We always look for ways to share and collaborate. Whether you intend to request material from our Bio-Bank, or are in need of Diagnostic Services.
Biobanks are becoming a valuable and popular alternative source for exploring scientific ideas, mechanism of diseases and testing new bioactive compounds and biologicals, with the minimal possible discomfort of the animals and at low costs.
BPRC's Primate Biobank is the biggest non-human primate bank in Europe. It strives to be an international example of how to conduct the best science that meets the highest ethical standards. The biobank is based on the principals of the 3Rs: refinement, reduction and replacement in primate research.
The aim of the biobank is to provide rare and valuable primate specimens both for internal use and for external scientists who can use the material for biomedical research as well as for conservation studies.
BPRC maintains and distributes a broad range of biological material, including tissues, blood - derived products- serum, blood, DNA, RNA and B cell lines.
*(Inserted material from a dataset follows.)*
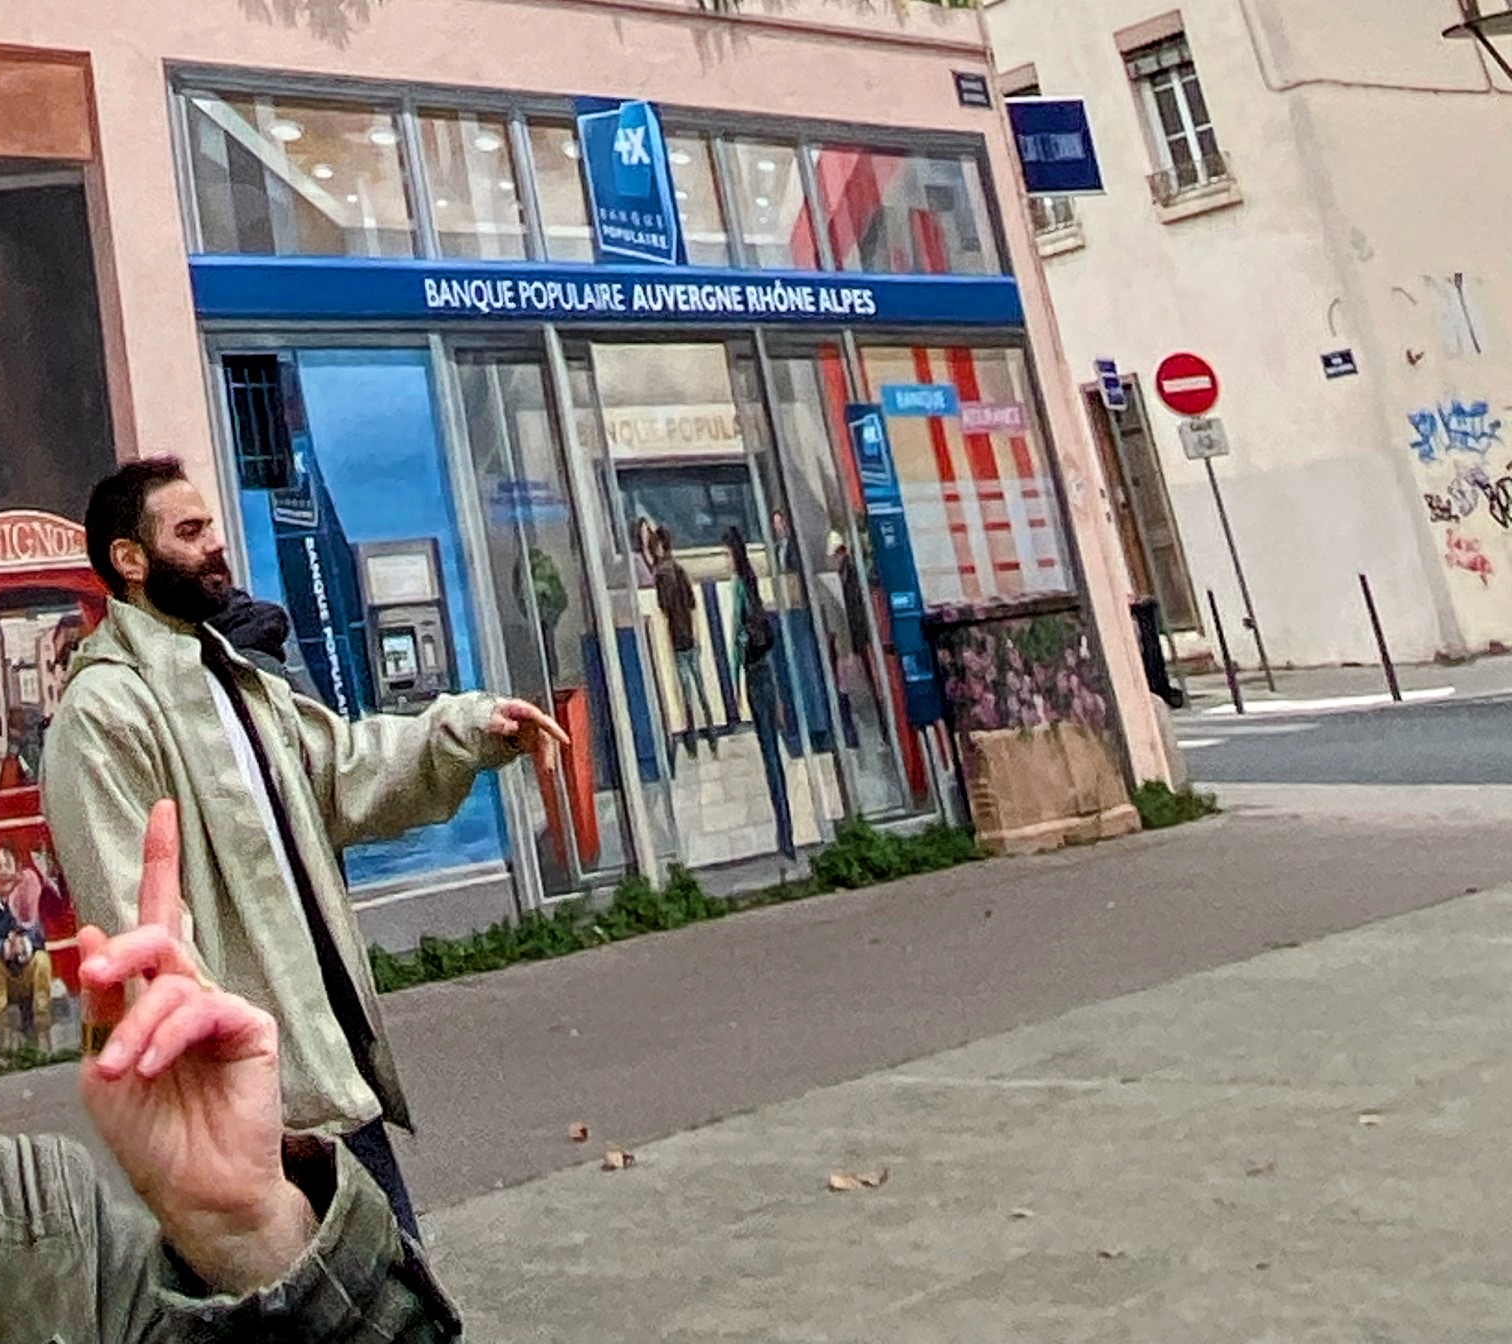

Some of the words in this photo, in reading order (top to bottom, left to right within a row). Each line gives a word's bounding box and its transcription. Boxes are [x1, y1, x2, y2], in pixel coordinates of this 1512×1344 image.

The transfer of the material from BPRC to the recipient can be done by:
- Signing Material Transfer Agreement (MTA) form
- Providing a CITES document for outside EU
- Providing administration costs and shipping charges by the recipient
Primate Viral Diagnostics
The Primate Viral Diagnostics laboratory (PVD) performs viral diagnostic research for:
- Health surveillance of the BPRC colonies
- Development and maintenance of the SPF status of the BPRC breeding colonies
- Other primate keeping facilities in Europe and other parts of the world
Below, please find an overview of the assays BPRC performs.
Serology: (serum or plasma)
- STLV (Simian T-cell lymphotropic virus)
- SIV (Simian Immunodeficiency virus)
- SRV (Simian type D retrovirus)
- SFV (Simian Foamy virus)
- α-herpesvirus (includes herpes simplex viruses 1 and 2, monkey B-virus, and others )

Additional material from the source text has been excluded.